Thinking beyond China's cheap labor producing cheap export goods and giant trade imbalances, Chinese companies putting down roots in the US market could well produce great mutual benefits.
When Chinese Commerce Minister Bo Xilai addressed business and government leaders at a Chicago Council on Global Affairs luncheon in Chicago May 31, his emphasis on a China-US "joint effort to win" received an enthusiastic response.
He spoke at a time when some US politicians and labor unions blame China for taking away manufacturing jobs and say that the US$232.5 billion trade deficit with China is caused by the undervalued yuan.
At the same time, it is also widely recognized that US consumers have greatly benefited from low-cost Chinese imports to maintain their high standard of living.
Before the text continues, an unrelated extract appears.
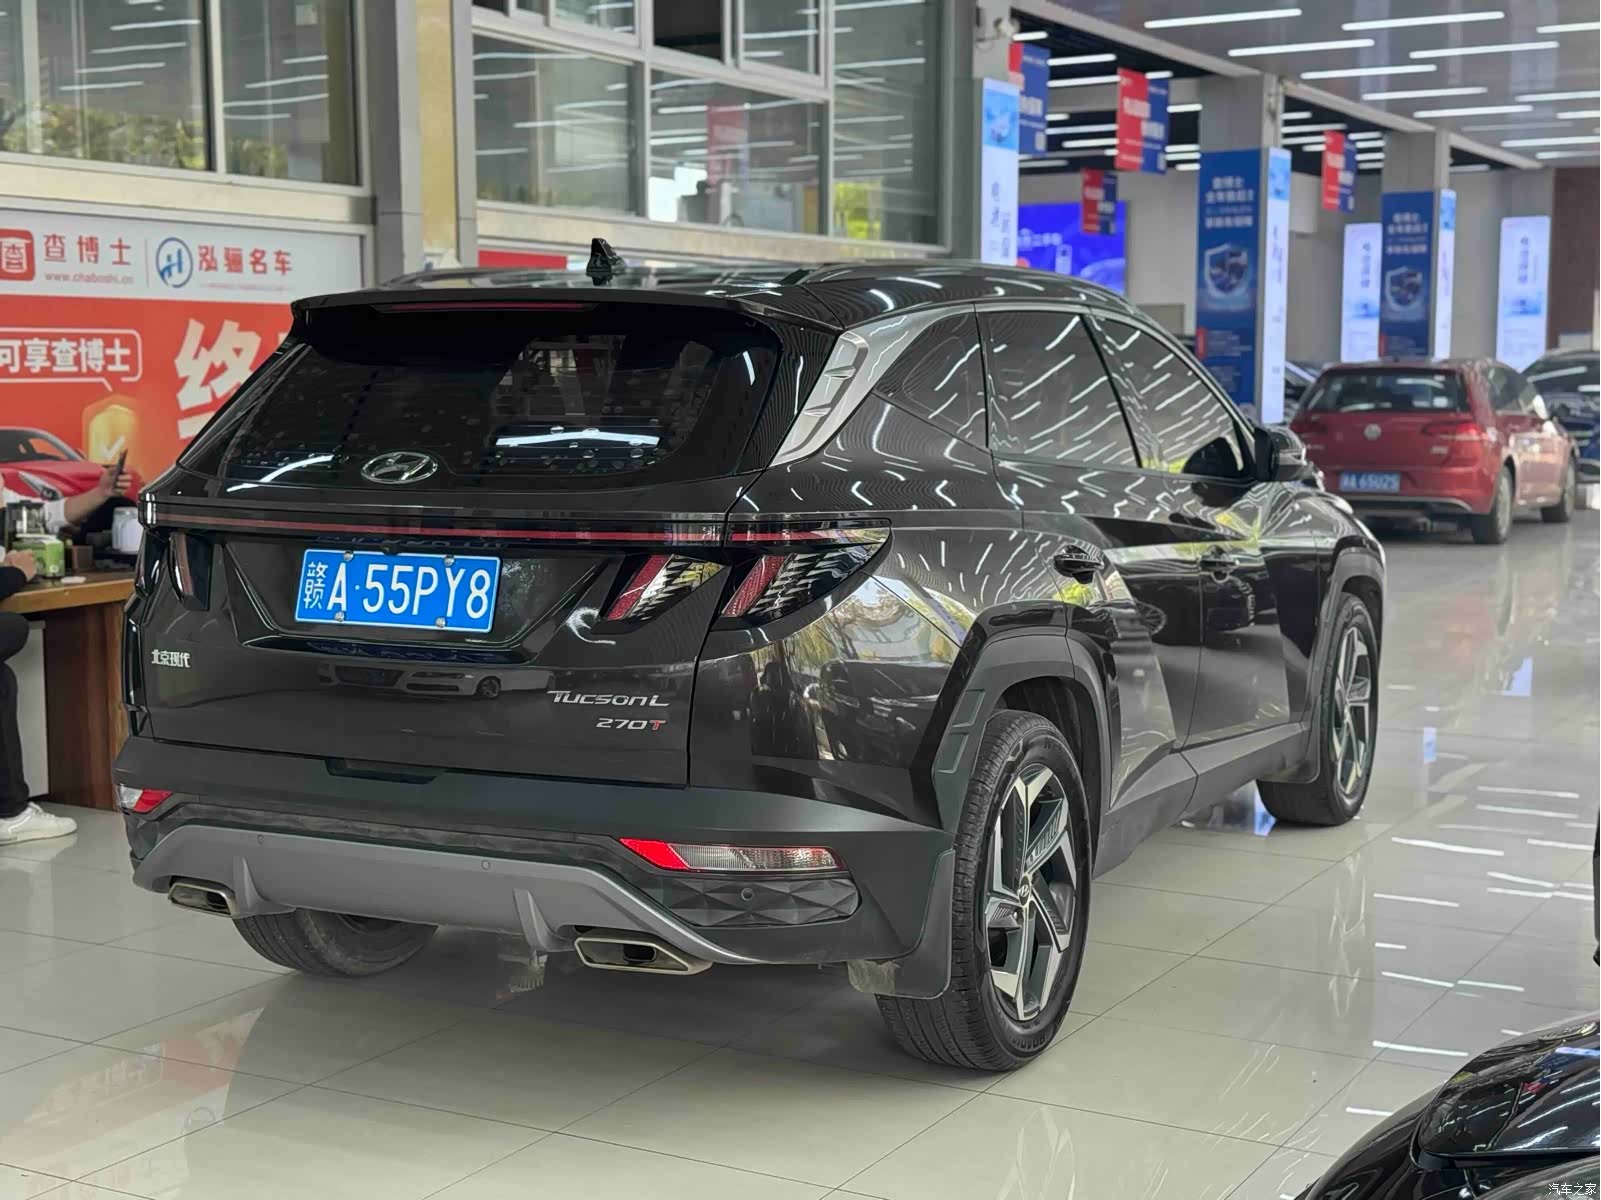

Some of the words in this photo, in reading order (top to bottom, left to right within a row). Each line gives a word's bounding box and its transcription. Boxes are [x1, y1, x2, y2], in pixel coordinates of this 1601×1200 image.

And China's surge in "going out" is having some positive effects on that trade deficit. In May, a large Chinese procurement delegation toured 25 US cities and signed deals with US companies worth US$32.60 billion. This sum equals 14 percent of the 2006 trade imbalance between the two countries.
In today's division-of-labor global economy, however, the US will not be able to balance its payments with China on the trade front, especially with its tight restrictions on high-tech exports to China.
Instead, it is apparent that the US should look at other options that will improve its trade position.
Some insight into these options was provided in Washington last month during the second session of the Strategic Economic Dialogue between the United States and China.
US Treasury Secretary Henry Paulson's closing statement summarized: "The United States and China understand that getting our economic relationship right is vital not only to our people, but to the world economy. Our relationship works best when it produces mutual benefits, which lead to growth, balance and a stronger global economy."
The mutual benefits desired can come, in part, from China's vigorous efforts to transform its manufacture-based economy into one that is more diversified and capable of competing in the fast-changing global economy.
For example, to diversify the country's US$1.2 trillion foreign exchange reserve holding, China's State Investment Co signed an agreement to take a US$3 billion equity position in US private equity Blackstone Group.
And, at the May 15 Chinese Enterprises Outbound Investment Conference in Beijing, Zhang Xiaoqiang, vice-minister of the National Development and Reform Commission, indicated that Chinese government entities will provide diplomatic, foreign exchange, tax, customs, credit, insurance and other support to Chinese overseas investment in targeted industries.
The US economy will benefit from Chinese investment. It will create jobs for Americans, increase purchases of goods and services from US businesses, raise tax revenues at different levels of the US government.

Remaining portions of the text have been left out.